Gambar 22-24. (22) Ankylosis sekunder untuk arthritis TB. Radiografi dari lutut menunjukkan
hilangnya ruang sendi sekunder untuk tulang rawan kerusakan, mengakibatkan ankilosis. (23)
arthritis tuberkulosis. Radiografi menunjukkan hanya sedikit sclerosis dan pembentukan tulang baru
di pinggul kanan, mengingat tingkat kerusakan tulang yang terlihat. (24) arthritis TB kronis.
Radiografi menunjukkan kerusakan sendi lengkap di pinggul kanan, bersama dengan terkait
pembengkakan jaringan lunak dan kalsifikasi.

Arthritis Tuberkulosis
Arthritis TB bersifat suatu monoartritis mempengaruhi berat bantalan sendi-sendi besar
(53). Temuan pencitraan mirip dengan arthritis pada infeksi dan peradangan sehingga oleh
karena itu tidak spesifik. Temuan ini termasuk osteopenia, sinovitis dan pembengkakan
jaringan lunak lainnya, erosi marginal, dan berbagai tingkat kerusakan tulang rawan.
Penyempitan ruang sendi terjadi dengan waktu yang sangat bervariasi tetapi biasanya
senderung lambat. Seperti halnya infeksi kronis, keterlibatan sinovial pada dewasa muda
menunjukkan adanya hiperemia dan pertumbuhan epifisis yang berlebih, paling sering di lutut
(54). Dengan progresifitas infeksi pertumbuhan tulang dan pembentukan sinus dapat
berkembang. Hasil akhirnya biasanya ankilosis fibrosa pada sendi (Gambar 22). Ankylosis
pada tulang sesekali terjadi namun lebih sering terlihat dengan infeksi piogenik.
Sekali lagi, diagnosis diferensial meliputi infeksi pyogenic dan jamur. Faktor
mendukung diagnosis TB termasuk onset yang lambat, minimal sclerosis (Gambar 23, 24),
relative tidak adanya reaksi periosteal dan proliferasi tulang, dan relative terdapat perlindungan
ruang sendi pada tahap awal (41).
Meskipun MRI lebih sensitif dibandingkan radiografi konvensional dalam menilai
sejauh mana keterlibatan tulang dan sendi, tetapi pencitraa yang didapatkan tidak spesifik,
terutama pada awal penyakit. Fakta ini memperkuat pentingnya aspirasi pada sendi untuk
dilakuakan analisis dan kultur secara mikroskopis.

Tuberkulosis Abdomen
Abdomen merupakan fokus yang paling sering terkena dari tuberkulosis paru, dimana
organ visceral yang padat lebih sering terinfeksi daripada saluran cerna (55). Pemeriksaan CT
merupakan andalan untuk menyelidiki kemungkinan tuberkulosis abdomen. Namun,
pengetahuan tentang modalitas pencitraan lain, seperti pemeriksaan barium enema, sangatlah
diperlukan untuk menghindari kesalahan diagnosis dalam kasus di mana TBC tidak selalu
menunjukkan gejala dari awal munculnya focus infeksi.
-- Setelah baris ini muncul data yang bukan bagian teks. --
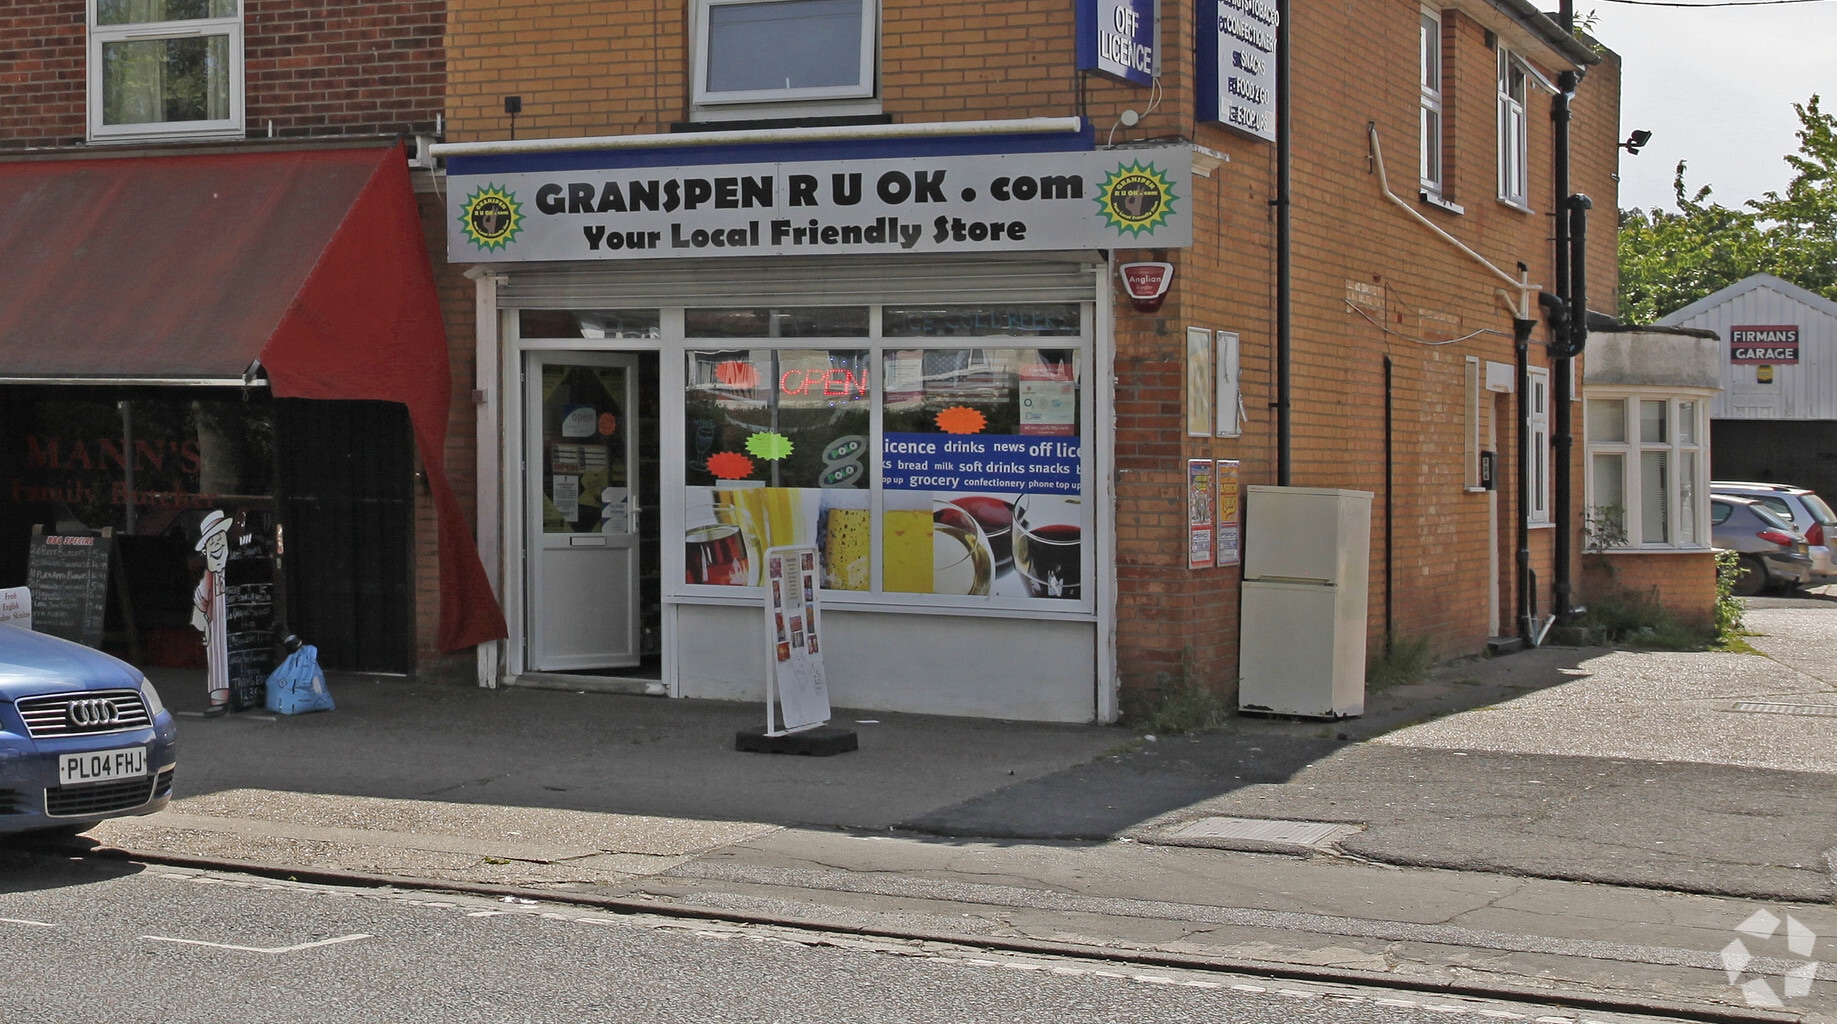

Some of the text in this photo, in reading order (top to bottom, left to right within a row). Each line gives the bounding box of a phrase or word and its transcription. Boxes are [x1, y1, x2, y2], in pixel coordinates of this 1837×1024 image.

Gambar 25. Limfadenopati dari tuberkulosis


perut pada seorang pria berusia 71 tahun. CT
scan menunjukkan kelenjar getah bening TB
dengan pusat redaman rendah karakteristik
dan perifer rim enhancement (panah). Temuan
ini merupakan satu-satunya kelainan yang
terlihat dalam kasus ini.

Gambar 26. Wet jenis peritonitis tuberkulosa.


Sebaliknya ditingkatkan CT scan menunjukkan
asites (panah) yang hyperattenuating relatif
terhadap urin dalam kandung kemih (panah).

Gambar 27. fibrotik jenis peritonitis tuberkulosa.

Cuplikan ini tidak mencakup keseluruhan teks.